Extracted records
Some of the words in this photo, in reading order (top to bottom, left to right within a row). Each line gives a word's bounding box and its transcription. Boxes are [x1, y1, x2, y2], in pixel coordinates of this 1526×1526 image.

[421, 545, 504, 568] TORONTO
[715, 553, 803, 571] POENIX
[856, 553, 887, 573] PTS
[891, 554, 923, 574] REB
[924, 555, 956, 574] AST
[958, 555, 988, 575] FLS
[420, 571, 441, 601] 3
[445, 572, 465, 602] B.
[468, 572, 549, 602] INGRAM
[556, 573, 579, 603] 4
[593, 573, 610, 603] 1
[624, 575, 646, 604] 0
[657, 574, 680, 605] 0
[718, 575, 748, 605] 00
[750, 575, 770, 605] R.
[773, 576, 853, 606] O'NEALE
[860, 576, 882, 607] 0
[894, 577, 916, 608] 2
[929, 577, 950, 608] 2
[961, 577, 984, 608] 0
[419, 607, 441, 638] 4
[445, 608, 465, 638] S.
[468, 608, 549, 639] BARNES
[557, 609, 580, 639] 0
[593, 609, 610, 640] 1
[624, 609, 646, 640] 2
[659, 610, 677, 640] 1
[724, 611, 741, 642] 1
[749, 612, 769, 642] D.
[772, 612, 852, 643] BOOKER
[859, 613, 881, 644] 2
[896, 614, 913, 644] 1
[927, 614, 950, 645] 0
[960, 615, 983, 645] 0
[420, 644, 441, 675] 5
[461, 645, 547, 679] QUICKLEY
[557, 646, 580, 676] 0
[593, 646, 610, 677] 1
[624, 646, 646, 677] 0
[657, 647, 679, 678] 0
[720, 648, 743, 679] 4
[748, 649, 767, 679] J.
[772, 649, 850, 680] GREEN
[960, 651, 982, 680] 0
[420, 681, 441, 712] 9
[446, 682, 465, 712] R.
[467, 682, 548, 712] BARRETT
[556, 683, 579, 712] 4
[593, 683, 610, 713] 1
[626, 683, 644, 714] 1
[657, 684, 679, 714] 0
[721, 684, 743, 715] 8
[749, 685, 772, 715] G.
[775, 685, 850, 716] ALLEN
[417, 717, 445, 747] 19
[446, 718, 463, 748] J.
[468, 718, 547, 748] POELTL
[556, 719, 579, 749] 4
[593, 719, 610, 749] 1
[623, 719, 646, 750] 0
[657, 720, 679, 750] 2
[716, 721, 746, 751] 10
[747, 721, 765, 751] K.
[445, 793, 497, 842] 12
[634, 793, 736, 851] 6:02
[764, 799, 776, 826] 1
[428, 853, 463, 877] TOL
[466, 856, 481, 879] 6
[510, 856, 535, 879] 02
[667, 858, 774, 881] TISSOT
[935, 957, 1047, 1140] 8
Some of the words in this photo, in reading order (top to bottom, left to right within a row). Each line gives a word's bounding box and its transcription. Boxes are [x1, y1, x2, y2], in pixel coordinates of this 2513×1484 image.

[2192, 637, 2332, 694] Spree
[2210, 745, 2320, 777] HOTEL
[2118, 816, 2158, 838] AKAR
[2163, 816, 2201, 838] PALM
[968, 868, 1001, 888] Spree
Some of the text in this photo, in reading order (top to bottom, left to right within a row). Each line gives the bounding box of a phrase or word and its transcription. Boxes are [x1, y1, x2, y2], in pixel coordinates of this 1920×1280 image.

### What you should do
Copy the records above exactly as written.

### Reply
Some of the words in this photo, in reading order (top to bottom, left to right within a row). Each line gives a word's bounding box and its transcription. Boxes are [x1, y1, x2, y2], in pixel coordinates of this 1526×1526 image.

[421, 545, 504, 568] TORONTO
[715, 553, 803, 571] POENIX
[856, 553, 887, 573] PTS
[891, 554, 923, 574] REB
[924, 555, 956, 574] AST
[958, 555, 988, 575] FLS
[420, 571, 441, 601] 3
[445, 572, 465, 602] B.
[468, 572, 549, 602] INGRAM
[556, 573, 579, 603] 4
[593, 573, 610, 603] 1
[624, 575, 646, 604] 0
[657, 574, 680, 605] 0
[718, 575, 748, 605] 00
[750, 575, 770, 605] R.
[773, 576, 853, 606] O'NEALE
[860, 576, 882, 607] 0
[894, 577, 916, 608] 2
[929, 577, 950, 608] 2
[961, 577, 984, 608] 0
[419, 607, 441, 638] 4
[445, 608, 465, 638] S.
[468, 608, 549, 639] BARNES
[557, 609, 580, 639] 0
[593, 609, 610, 640] 1
[624, 609, 646, 640] 2
[659, 610, 677, 640] 1
[724, 611, 741, 642] 1
[749, 612, 769, 642] D.
[772, 612, 852, 643] BOOKER
[859, 613, 881, 644] 2
[896, 614, 913, 644] 1
[927, 614, 950, 645] 0
[960, 615, 983, 645] 0
[420, 644, 441, 675] 5
[461, 645, 547, 679] QUICKLEY
[557, 646, 580, 676] 0
[593, 646, 610, 677] 1
[624, 646, 646, 677] 0
[657, 647, 679, 678] 0
[720, 648, 743, 679] 4
[748, 649, 767, 679] J.
[772, 649, 850, 680] GREEN
[960, 651, 982, 680] 0
[420, 681, 441, 712] 9
[446, 682, 465, 712] R.
[467, 682, 548, 712] BARRETT
[556, 683, 579, 712] 4
[593, 683, 610, 713] 1
[626, 683, 644, 714] 1
[657, 684, 679, 714] 0
[721, 684, 743, 715] 8
[749, 685, 772, 715] G.
[775, 685, 850, 716] ALLEN
[417, 717, 445, 747] 19
[446, 718, 463, 748] J.
[468, 718, 547, 748] POELTL
[556, 719, 579, 749] 4
[593, 719, 610, 749] 1
[623, 719, 646, 750] 0
[657, 720, 679, 750] 2
[716, 721, 746, 751] 10
[747, 721, 765, 751] K.
[445, 793, 497, 842] 12
[634, 793, 736, 851] 6:02
[764, 799, 776, 826] 1
[428, 853, 463, 877] TOL
[466, 856, 481, 879] 6
[510, 856, 535, 879] 02
[667, 858, 774, 881] TISSOT
[935, 957, 1047, 1140] 8
Some of the words in this photo, in reading order (top to bottom, left to right within a row). Each line gives a word's bounding box and its transcription. Boxes are [x1, y1, x2, y2], in pixel coordinates of this 2513×1484 image.

[2192, 637, 2332, 694] Spree
[2210, 745, 2320, 777] HOTEL
[2118, 816, 2158, 838] AKAR
[2163, 816, 2201, 838] PALM
[968, 868, 1001, 888] Spree
Some of the text in this photo, in reading order (top to bottom, left to right within a row). Each line gives the bounding box of a phrase or word and its transcription. Boxes are [x1, y1, x2, y2], in pixel coordinates of this 1920×1280 image.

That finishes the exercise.